Montressor grabbed him by what was left of his hair. "Now have them go out there and find Truman!"
"But how? Where?" Sweyk said as Montressor let him go.
Montressor took a cellphone from his breast pocket. "I have my ways of finding that out," he said.
* * * * * * *
Truman and his companions drove steadily through the Rockies, following winding paths. Thank God they were driving a Land Rover, which handled the mountain paths easily.
Jerry drove in the morning and early afternoon, whilke Sylvia drove in the later afternoon into the evening. From late evening into the night, Cristoff drove.
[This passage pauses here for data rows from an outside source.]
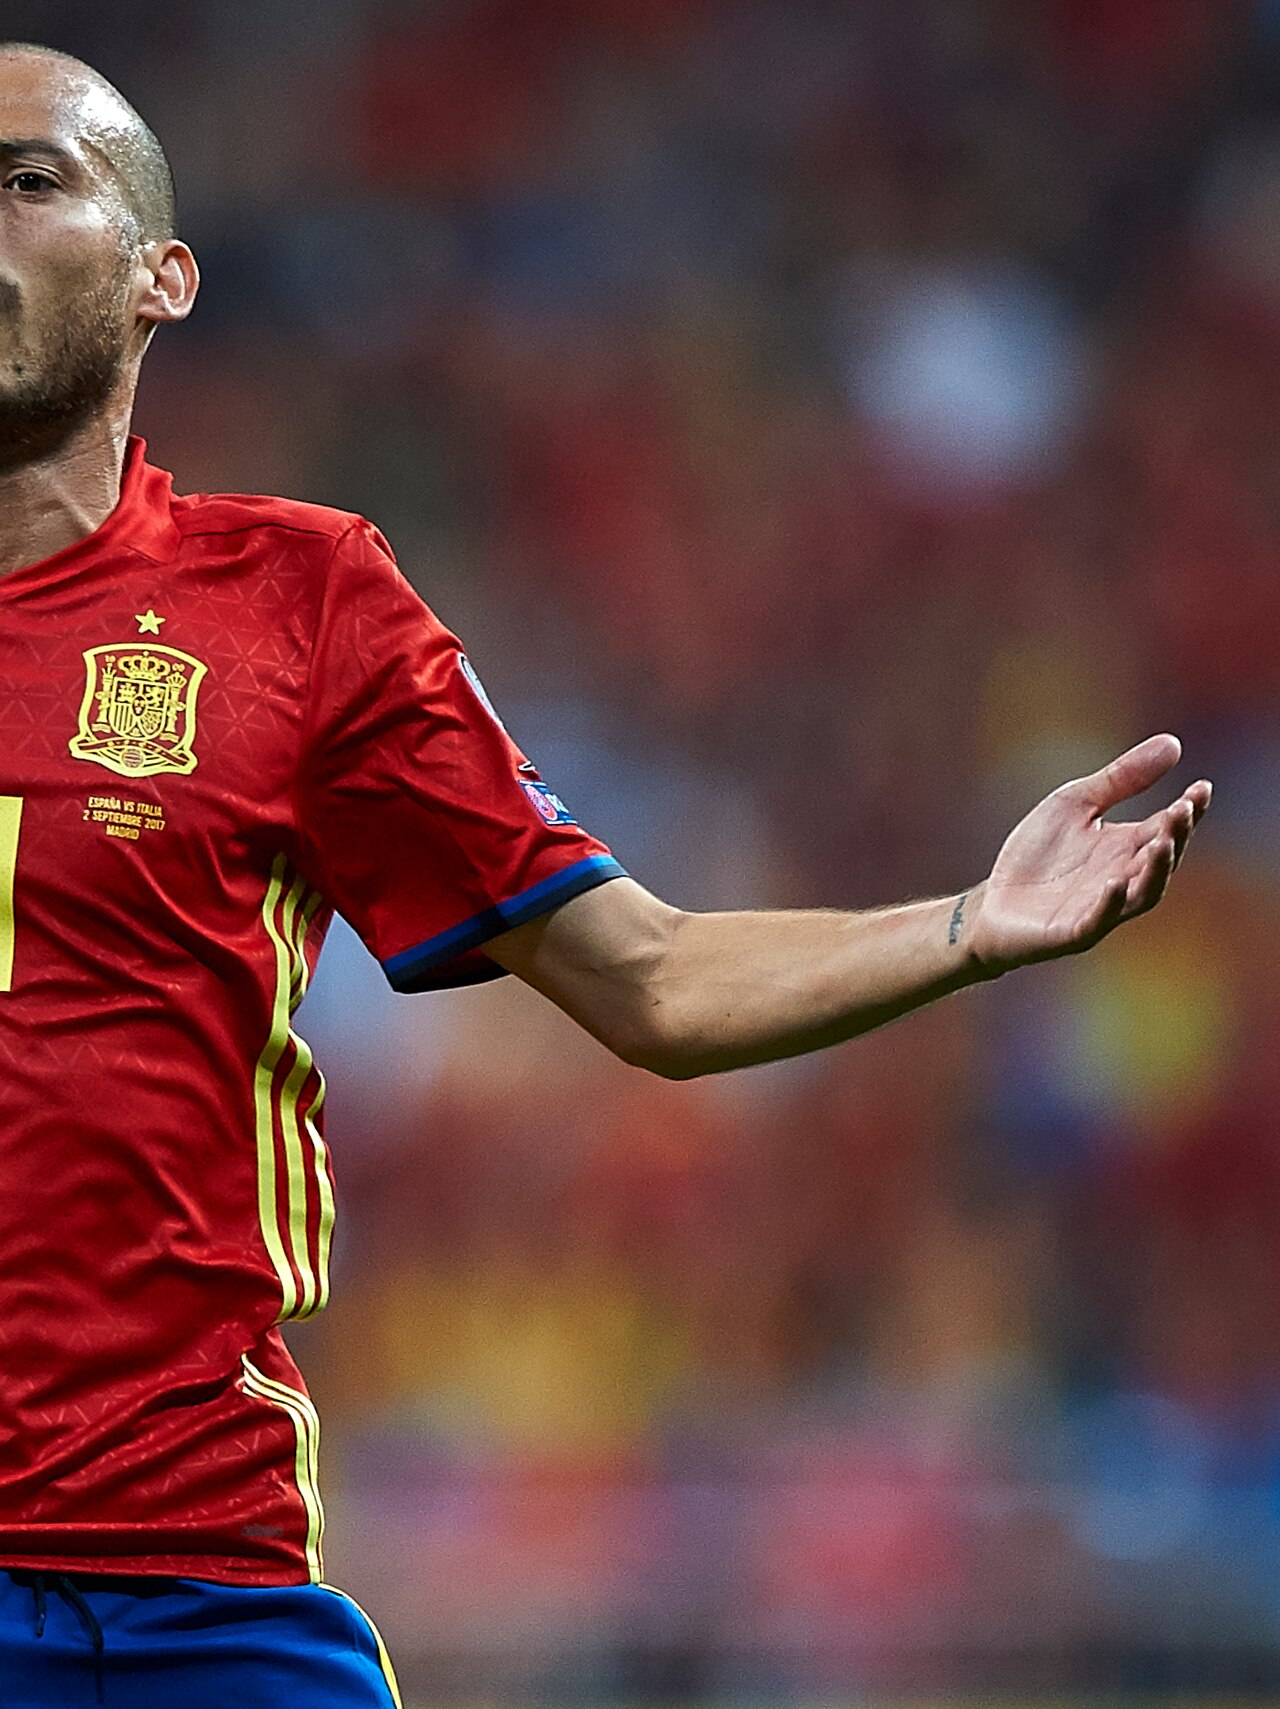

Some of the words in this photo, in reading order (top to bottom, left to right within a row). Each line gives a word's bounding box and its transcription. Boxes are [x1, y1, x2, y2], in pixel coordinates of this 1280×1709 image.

[88, 796, 121, 810] ESPAÑA
[123, 801, 135, 812] VS
[136, 803, 162, 817] ITALIA
[82, 810, 90, 820] 2
[92, 811, 142, 827] SEPTIEMBRE
[144, 818, 165, 831] 2017
[106, 825, 139, 839] MADRID
They stopped only for food and fuel and the necessities of hygiene and to let the engine cool off. Truman stayed hunkered down in the back seat, staying out of sigh from passing traffic. This gave him a lot of time to think things through.
"Hey Jerry," Truman asked at length.
"Yeah?" Jerry asked.
"Big question: What am I gonna do about my name once we get to Canada? I mean, I can't exactly go by the name Truman Burbank. Someone's bound to recognize me."
"We have that all taken care of," Jerry said. "We created a new identity for you: once we get to Canada. you're Harris Milton."
"Kinda high-flown sounding," Truman said. "Why not something simple like John Smith?"
Sylvia wrinkled her nose. "That's so simple it might be obvious."
"Milton, that was your mother's maiden name," Cristoff said.
Trumna glanced at Cristoff. "Oh?"
"Yes. Gretchen Milton.... We met at film school. She and I were lovers off and on. Till she became pregnant. She refused to have much to do with me after that, but I promised I'd help her find a home for our child. I just didn't tell her where."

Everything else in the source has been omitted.